Thursday 19 May 2011

Apple readying Web music service, report says

(CNN) -- Apple has dominated digital music sales for years with its iTunes store, which allows shoppers to download songs and other content.

Now it's looking increasingly likely that the leading tech company will enter the growing music-streaming market as well.

Apple has signed a cloud-music licensing agreement with EMI Music and is close to completing deals with two other music labels, according to a report by tech news site CNET, citing multiple music industry sources.

Such a product would throw Apple into direct competition with Amazon and Google, both of which recently launched cloud-based music streaming services of their own. Such services store songs on Web servers, where they are accessible from any device with an Internet connection, instead of on a user's hard drive.

Apple signed a similar licensing deal with Warner Music last month. Its negotiations with Sony Music Group and Universal Music Group, the remaining of the four major labels, could be wrapped up as early as next week, CNET reports.

Apple did not immediately respond to a request for comment by CNN.

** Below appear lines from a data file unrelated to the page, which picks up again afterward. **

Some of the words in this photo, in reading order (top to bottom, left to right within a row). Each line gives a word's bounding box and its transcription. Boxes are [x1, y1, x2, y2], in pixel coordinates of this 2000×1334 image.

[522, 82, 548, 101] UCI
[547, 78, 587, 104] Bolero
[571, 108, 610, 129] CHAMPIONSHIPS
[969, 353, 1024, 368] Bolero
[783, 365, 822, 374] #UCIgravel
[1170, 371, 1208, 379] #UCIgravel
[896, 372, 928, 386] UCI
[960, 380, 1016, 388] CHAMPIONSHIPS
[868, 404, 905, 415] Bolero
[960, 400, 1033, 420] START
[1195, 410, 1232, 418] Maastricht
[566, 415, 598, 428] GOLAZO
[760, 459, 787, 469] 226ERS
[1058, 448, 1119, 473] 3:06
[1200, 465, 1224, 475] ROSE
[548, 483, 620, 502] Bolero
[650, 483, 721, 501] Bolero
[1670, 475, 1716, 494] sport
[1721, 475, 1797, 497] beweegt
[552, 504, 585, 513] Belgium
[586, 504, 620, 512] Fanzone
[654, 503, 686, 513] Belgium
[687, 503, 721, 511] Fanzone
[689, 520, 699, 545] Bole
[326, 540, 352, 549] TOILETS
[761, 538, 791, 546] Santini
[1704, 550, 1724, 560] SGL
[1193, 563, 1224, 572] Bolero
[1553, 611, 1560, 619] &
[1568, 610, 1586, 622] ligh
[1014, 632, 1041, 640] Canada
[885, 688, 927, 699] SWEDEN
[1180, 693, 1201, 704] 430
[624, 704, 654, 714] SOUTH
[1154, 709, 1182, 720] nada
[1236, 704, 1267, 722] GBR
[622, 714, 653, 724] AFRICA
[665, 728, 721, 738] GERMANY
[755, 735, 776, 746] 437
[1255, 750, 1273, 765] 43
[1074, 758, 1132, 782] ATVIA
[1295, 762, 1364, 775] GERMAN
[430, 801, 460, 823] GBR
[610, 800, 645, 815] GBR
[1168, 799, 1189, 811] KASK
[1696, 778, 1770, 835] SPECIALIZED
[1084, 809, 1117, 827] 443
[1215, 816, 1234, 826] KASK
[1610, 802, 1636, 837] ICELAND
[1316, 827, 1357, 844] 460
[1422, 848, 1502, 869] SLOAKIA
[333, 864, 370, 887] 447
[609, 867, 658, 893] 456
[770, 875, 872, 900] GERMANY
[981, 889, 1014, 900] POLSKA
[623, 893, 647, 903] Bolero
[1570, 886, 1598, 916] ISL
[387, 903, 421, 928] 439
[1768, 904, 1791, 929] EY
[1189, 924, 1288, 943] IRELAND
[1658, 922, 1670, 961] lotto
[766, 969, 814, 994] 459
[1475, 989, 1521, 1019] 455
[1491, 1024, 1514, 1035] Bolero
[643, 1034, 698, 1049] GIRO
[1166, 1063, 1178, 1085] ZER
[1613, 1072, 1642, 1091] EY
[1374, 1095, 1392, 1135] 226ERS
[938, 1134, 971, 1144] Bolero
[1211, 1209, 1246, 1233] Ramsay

Record labels, seeking to maintain revenue in the struggling music industry, have maintained that streaming music requires a license that is separate from offering songs for sale. But both Amazon and Google launched their cloud-based services without any licensing deals in place.

By cooperating with the music industry on licensing songs, Apple would stake out a different position from its rivals. This could give an Apple music-streaming product a leg up on the competition, writes MG Siegler for TechCrunch:

"So the labels, which for the better part of a decade now have been looking for someone, anyone to help counter Apple's power in their business, is turning right back to Apple when they need help. And Apple will obviously gladly welcome them with open arms. After all, with these licenses, Apple will have secured the cloud music high ground despite being the last to launch," he writes.

"Think about it. With these agreements, Apple is likely going to be able to do the one thing that is absolutely crucial for cloud music to take off: offer library syncing without uploading.

"In other words, Apple now likely be able to do what Lala (the company Apple bought in late 2009 and subsequently shut down) was able to do: scan your hard drive for songs and let you play those songs from their servers without having to upload them yourself."

Google's Music Beta, announced earlier this month, lets users upload their music to Google's servers and migrate their playlists and data from iTunes. The music player can be accessed from a Web browser as well as from an Android phone or tablet, and users can add up to 20,000 songs for free.

That followed Amazon's launch in March of its rival Cloud Player, which lets consumers upload their music to Amazon's servers and play them via the Web or Android. Users are given 5 GB of free storage but must pay for additional space.